** Description of the task **
Would you restate all of the entries verbatim, minus any images?

[Data shown]

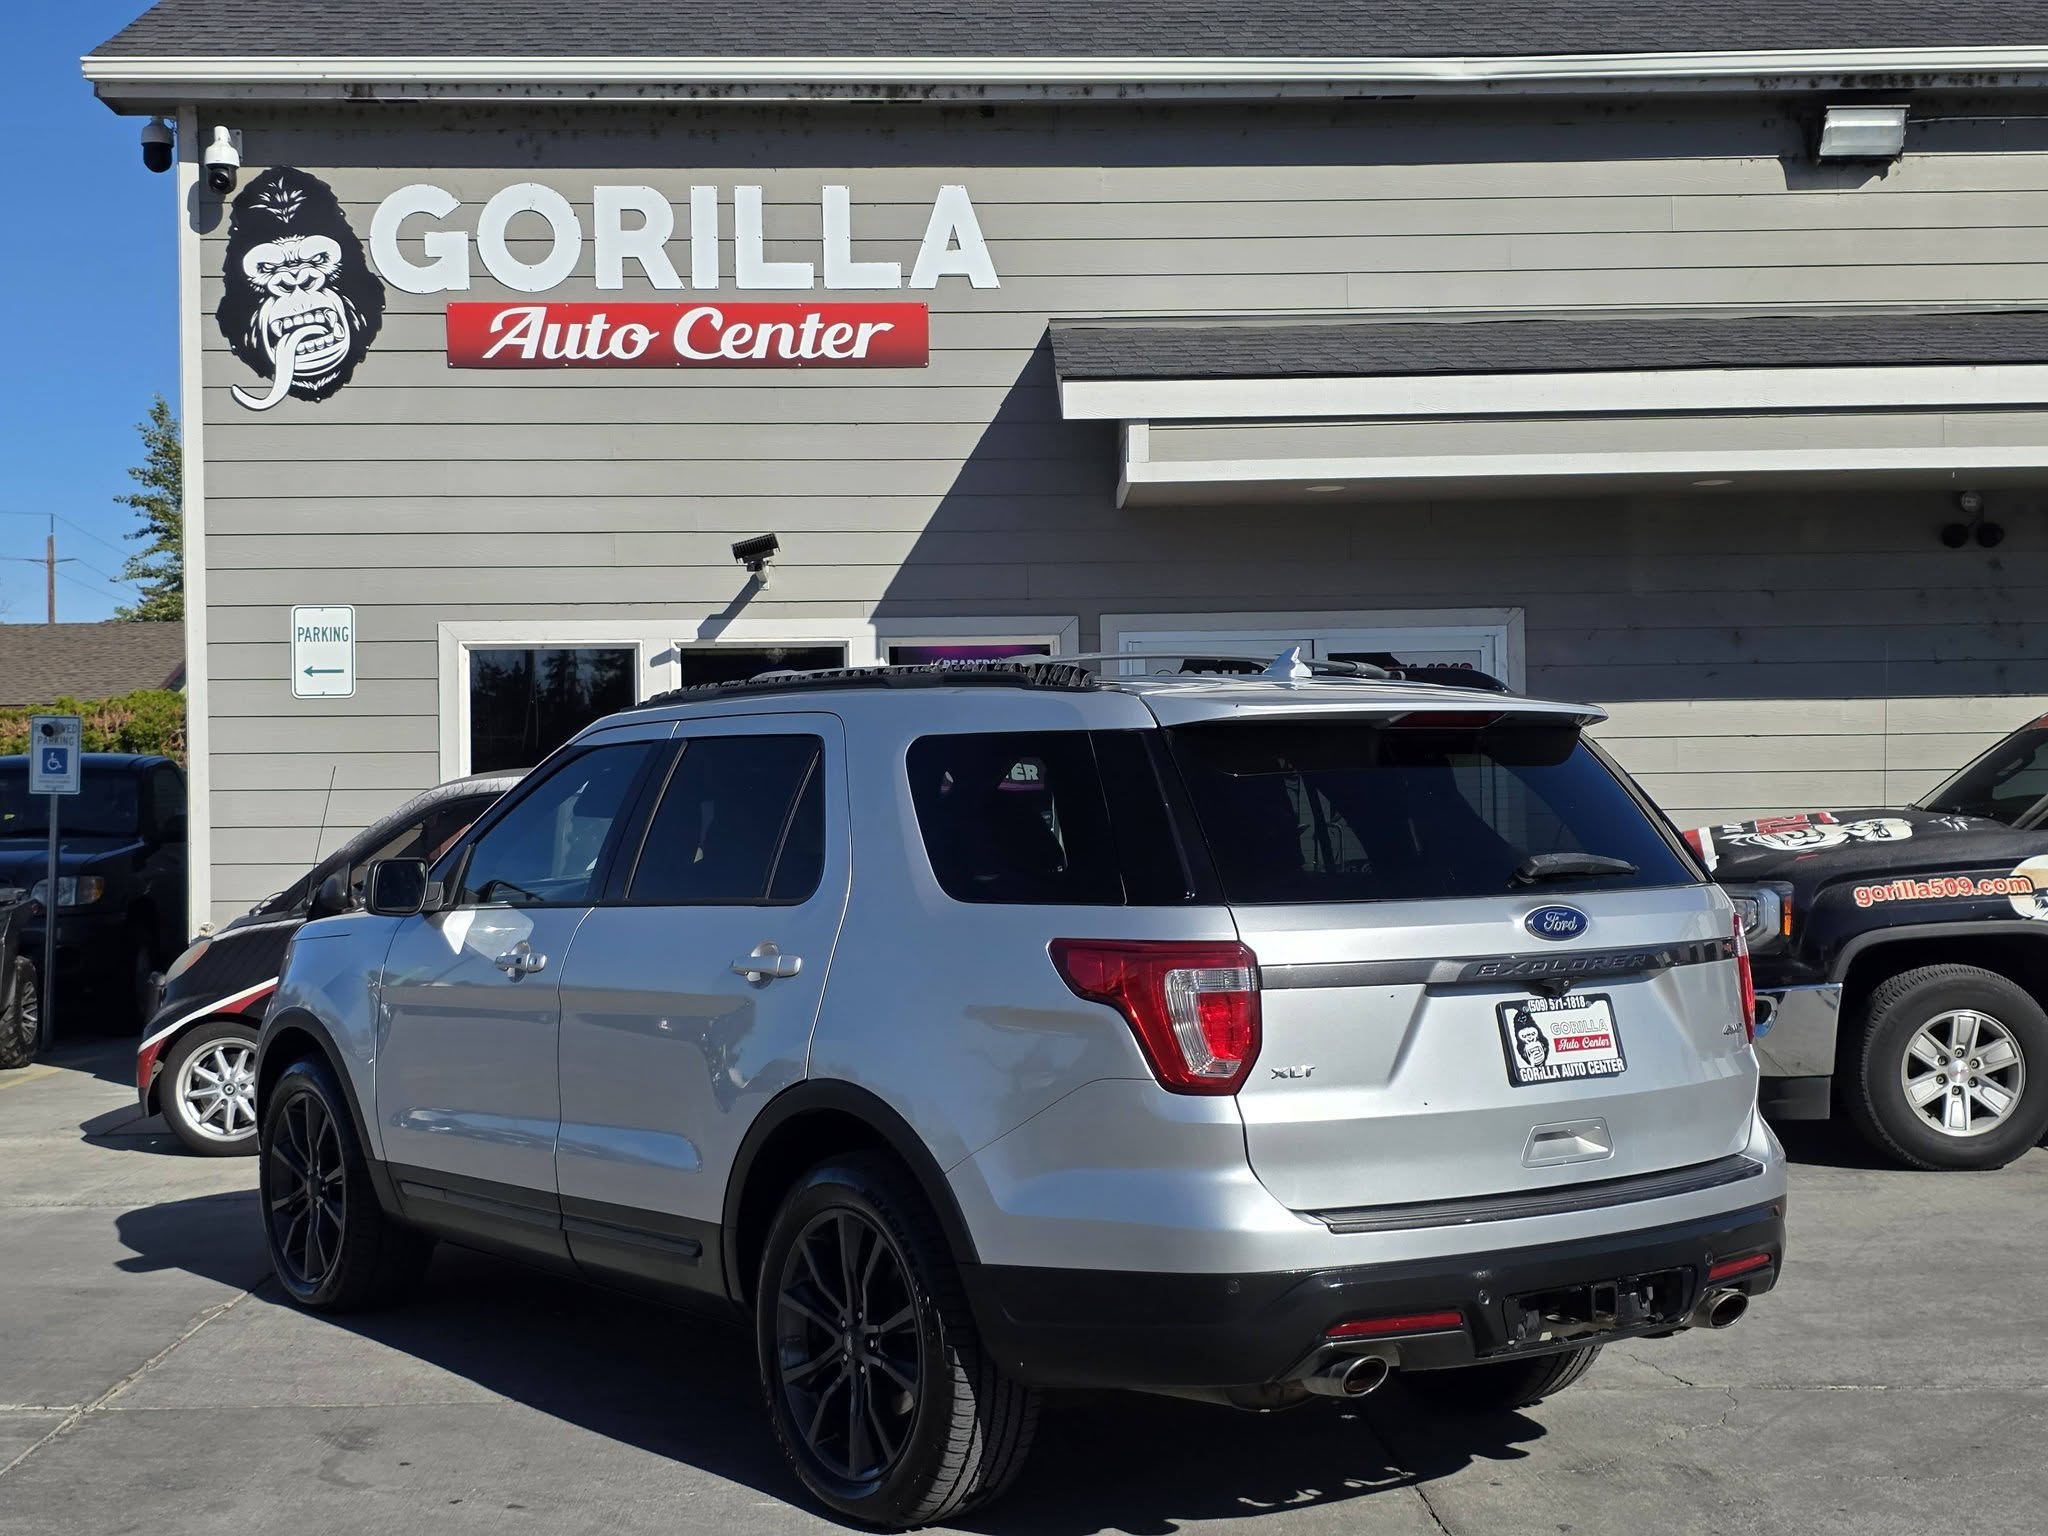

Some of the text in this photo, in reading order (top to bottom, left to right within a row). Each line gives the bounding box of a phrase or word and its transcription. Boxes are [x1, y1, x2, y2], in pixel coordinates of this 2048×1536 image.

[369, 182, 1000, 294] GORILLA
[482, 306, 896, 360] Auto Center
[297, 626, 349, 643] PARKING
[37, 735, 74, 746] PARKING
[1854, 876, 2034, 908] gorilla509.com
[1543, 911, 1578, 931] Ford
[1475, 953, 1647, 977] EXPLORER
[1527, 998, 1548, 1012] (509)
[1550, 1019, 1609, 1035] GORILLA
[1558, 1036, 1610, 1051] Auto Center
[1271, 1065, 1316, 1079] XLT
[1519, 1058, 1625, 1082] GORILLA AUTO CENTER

[/Data shown]

** Task output **
Some of the text in this photo, in reading order (top to bottom, left to right within a row). Each line gives the bounding box of a phrase or word and its transcription. Boxes are [x1, y1, x2, y2], in pixel coordinates of this 2048×1536 image.

[369, 182, 1000, 294] GORILLA
[482, 306, 896, 360] Auto Center
[297, 626, 349, 643] PARKING
[37, 735, 74, 746] PARKING
[1854, 876, 2034, 908] gorilla509.com
[1543, 911, 1578, 931] Ford
[1475, 953, 1647, 977] EXPLORER
[1527, 998, 1548, 1012] (509)
[1550, 1019, 1609, 1035] GORILLA
[1558, 1036, 1610, 1051] Auto Center
[1271, 1065, 1316, 1079] XLT
[1519, 1058, 1625, 1082] GORILLA AUTO CENTER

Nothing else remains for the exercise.